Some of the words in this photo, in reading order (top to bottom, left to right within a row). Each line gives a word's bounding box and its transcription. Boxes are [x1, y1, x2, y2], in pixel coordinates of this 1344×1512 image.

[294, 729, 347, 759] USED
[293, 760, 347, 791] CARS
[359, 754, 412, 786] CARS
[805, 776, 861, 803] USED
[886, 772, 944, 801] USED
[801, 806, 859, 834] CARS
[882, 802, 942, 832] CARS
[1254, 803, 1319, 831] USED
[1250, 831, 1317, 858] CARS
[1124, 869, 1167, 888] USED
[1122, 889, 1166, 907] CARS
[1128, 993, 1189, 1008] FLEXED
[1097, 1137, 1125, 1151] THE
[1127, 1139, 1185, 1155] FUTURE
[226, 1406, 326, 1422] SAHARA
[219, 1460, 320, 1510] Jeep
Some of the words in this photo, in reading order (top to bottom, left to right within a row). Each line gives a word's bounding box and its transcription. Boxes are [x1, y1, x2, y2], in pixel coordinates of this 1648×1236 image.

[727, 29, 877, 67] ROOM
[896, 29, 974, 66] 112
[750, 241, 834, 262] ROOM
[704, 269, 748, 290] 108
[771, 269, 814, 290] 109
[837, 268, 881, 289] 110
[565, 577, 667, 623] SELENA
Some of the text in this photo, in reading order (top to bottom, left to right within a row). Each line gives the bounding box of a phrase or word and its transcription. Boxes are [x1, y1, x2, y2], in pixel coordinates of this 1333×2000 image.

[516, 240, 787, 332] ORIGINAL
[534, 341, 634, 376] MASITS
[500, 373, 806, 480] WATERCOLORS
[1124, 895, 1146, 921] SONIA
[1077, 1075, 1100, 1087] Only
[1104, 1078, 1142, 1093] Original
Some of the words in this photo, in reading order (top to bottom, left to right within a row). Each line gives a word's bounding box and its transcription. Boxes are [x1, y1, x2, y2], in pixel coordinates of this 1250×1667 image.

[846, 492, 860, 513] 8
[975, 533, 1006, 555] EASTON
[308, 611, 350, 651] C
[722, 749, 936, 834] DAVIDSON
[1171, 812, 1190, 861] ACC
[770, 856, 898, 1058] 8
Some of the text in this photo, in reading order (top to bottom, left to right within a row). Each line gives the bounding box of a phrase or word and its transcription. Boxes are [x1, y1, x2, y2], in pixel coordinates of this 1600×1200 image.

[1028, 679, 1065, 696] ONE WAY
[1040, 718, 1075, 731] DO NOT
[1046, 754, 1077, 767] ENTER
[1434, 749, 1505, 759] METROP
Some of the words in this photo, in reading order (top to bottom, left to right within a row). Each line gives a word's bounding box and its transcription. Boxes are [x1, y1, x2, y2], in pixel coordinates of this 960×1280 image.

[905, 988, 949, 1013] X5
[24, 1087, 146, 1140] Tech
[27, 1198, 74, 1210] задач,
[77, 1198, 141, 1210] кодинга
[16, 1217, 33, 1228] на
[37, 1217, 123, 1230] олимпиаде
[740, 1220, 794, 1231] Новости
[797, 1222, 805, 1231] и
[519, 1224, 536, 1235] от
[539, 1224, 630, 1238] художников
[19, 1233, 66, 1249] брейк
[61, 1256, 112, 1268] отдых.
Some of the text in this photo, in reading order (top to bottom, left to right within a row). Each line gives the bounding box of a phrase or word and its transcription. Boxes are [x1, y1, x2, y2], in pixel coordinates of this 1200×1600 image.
****************
▸ WORK INSTRUCTIONS:
Produce a faithful copy of all the material above.

▸ RESULT:
Some of the words in this photo, in reading order (top to bottom, left to right within a row). Each line gives a word's bounding box and its transcription. Boxes are [x1, y1, x2, y2], in pixel coordinates of this 1344×1512 image.

[294, 729, 347, 759] USED
[293, 760, 347, 791] CARS
[359, 754, 412, 786] CARS
[805, 776, 861, 803] USED
[886, 772, 944, 801] USED
[801, 806, 859, 834] CARS
[882, 802, 942, 832] CARS
[1254, 803, 1319, 831] USED
[1250, 831, 1317, 858] CARS
[1124, 869, 1167, 888] USED
[1122, 889, 1166, 907] CARS
[1128, 993, 1189, 1008] FLEXED
[1097, 1137, 1125, 1151] THE
[1127, 1139, 1185, 1155] FUTURE
[226, 1406, 326, 1422] SAHARA
[219, 1460, 320, 1510] Jeep
Some of the words in this photo, in reading order (top to bottom, left to right within a row). Each line gives a word's bounding box and its transcription. Boxes are [x1, y1, x2, y2], in pixel coordinates of this 1648×1236 image.

[727, 29, 877, 67] ROOM
[896, 29, 974, 66] 112
[750, 241, 834, 262] ROOM
[704, 269, 748, 290] 108
[771, 269, 814, 290] 109
[837, 268, 881, 289] 110
[565, 577, 667, 623] SELENA
Some of the text in this photo, in reading order (top to bottom, left to right within a row). Each line gives the bounding box of a phrase or word and its transcription. Boxes are [x1, y1, x2, y2], in pixel coordinates of this 1333×2000 image.

[516, 240, 787, 332] ORIGINAL
[534, 341, 634, 376] MASITS
[500, 373, 806, 480] WATERCOLORS
[1124, 895, 1146, 921] SONIA
[1077, 1075, 1100, 1087] Only
[1104, 1078, 1142, 1093] Original
Some of the words in this photo, in reading order (top to bottom, left to right within a row). Each line gives a word's bounding box and its transcription. Boxes are [x1, y1, x2, y2], in pixel coordinates of this 1250×1667 image.

[846, 492, 860, 513] 8
[975, 533, 1006, 555] EASTON
[308, 611, 350, 651] C
[722, 749, 936, 834] DAVIDSON
[1171, 812, 1190, 861] ACC
[770, 856, 898, 1058] 8
Some of the text in this photo, in reading order (top to bottom, left to right within a row). Each line gives the bounding box of a phrase or word and its transcription. Boxes are [x1, y1, x2, y2], in pixel coordinates of this 1600×1200 image.

[1028, 679, 1065, 696] ONE WAY
[1040, 718, 1075, 731] DO NOT
[1046, 754, 1077, 767] ENTER
[1434, 749, 1505, 759] METROP
Some of the words in this photo, in reading order (top to bottom, left to right within a row). Each line gives a word's bounding box and its transcription. Boxes are [x1, y1, x2, y2], in pixel coordinates of this 960×1280 image.

[905, 988, 949, 1013] X5
[24, 1087, 146, 1140] Tech
[27, 1198, 74, 1210] задач,
[77, 1198, 141, 1210] кодинга
[16, 1217, 33, 1228] на
[37, 1217, 123, 1230] олимпиаде
[740, 1220, 794, 1231] Новости
[797, 1222, 805, 1231] и
[519, 1224, 536, 1235] от
[539, 1224, 630, 1238] художников
[19, 1233, 66, 1249] брейк
[61, 1256, 112, 1268] отдых.
Some of the text in this photo, in reading order (top to bottom, left to right within a row). Each line gives the bounding box of a phrase or word and its transcription. Boxes are [x1, y1, x2, y2], in pixel coordinates of this 1200×1600 image.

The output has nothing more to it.